“È così che la perdi” di Junot Díaz
di Serena Agresti / 7 ottobre 2013
Leggere è scoprire che un libro riserva sempre qualcosa di nuovo, che le parole possono succedersi in un ordine originale e diverso, creando immagini parlanti. Questo è quello che riesce a Junot Díaz nel suo terzo libro, È così che la perdi (Mondadori, 2013), una raccolta di racconti sulla vita degli immigrati dominicani negli Stati Uniti attraverso cui l’autore descrive, con parole scarne, il mondo di tanti personaggi, centrali e laterali, dando vita a una composizione a più voci: esistenze multiple legate assieme da un senso di ineluttabile tristezza, da un implacabile cinismo e da un’inestinguibile nostalgia della patria.

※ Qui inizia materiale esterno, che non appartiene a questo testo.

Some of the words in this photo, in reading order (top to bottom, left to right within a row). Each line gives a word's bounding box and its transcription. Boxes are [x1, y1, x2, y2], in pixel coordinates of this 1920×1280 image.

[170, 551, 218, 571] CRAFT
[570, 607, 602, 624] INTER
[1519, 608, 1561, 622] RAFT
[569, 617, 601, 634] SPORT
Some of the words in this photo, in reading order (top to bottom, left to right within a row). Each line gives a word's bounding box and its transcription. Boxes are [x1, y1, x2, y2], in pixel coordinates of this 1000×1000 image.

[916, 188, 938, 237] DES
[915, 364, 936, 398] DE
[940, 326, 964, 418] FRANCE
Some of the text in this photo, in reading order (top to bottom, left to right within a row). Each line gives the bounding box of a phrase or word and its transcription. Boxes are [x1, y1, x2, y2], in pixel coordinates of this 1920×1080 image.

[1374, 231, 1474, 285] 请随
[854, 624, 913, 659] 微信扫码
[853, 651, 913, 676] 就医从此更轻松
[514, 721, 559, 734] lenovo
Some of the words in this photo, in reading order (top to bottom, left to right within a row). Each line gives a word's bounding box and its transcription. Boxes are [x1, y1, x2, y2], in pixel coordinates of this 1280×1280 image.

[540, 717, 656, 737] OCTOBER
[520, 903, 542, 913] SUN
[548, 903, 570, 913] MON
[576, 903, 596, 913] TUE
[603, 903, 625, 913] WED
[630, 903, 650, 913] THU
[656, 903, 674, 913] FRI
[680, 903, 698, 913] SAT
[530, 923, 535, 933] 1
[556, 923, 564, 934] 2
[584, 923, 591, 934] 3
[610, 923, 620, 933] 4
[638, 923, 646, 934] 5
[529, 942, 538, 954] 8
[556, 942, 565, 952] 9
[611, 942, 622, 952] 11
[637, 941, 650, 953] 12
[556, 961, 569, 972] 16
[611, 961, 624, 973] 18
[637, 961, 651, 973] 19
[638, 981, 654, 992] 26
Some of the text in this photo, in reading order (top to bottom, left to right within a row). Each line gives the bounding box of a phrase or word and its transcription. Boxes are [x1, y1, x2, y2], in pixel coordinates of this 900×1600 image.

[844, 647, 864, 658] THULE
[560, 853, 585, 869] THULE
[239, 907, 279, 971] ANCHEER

In un tempo non cronologico, si snodano i racconti incentrati sull’infedeltà quasi patologica dell’uomo dominicano, affetto da una sorta di bisogno irrefrenabile di conquista, come quello di Yunior, alterego dell’autore, protagonista ricorrente, che dopo anni di fidanzamento, peccando di superficialità, lascia che la fidanzata scopra cinquanta diverse relazioni fedifraghe. Dopo vani tentativi di recuperare, finalmente abbandonato, Yunior cade in un baratro di afflizione e di incapacità che lo rende più umano, che gli permette di emozionarsi ogni volta che torna a Santo Domingo, suo luogo natio, «a cui non pensi finché non lo hai perduto, che non riesci ad amare finché non l’hai abbandonato».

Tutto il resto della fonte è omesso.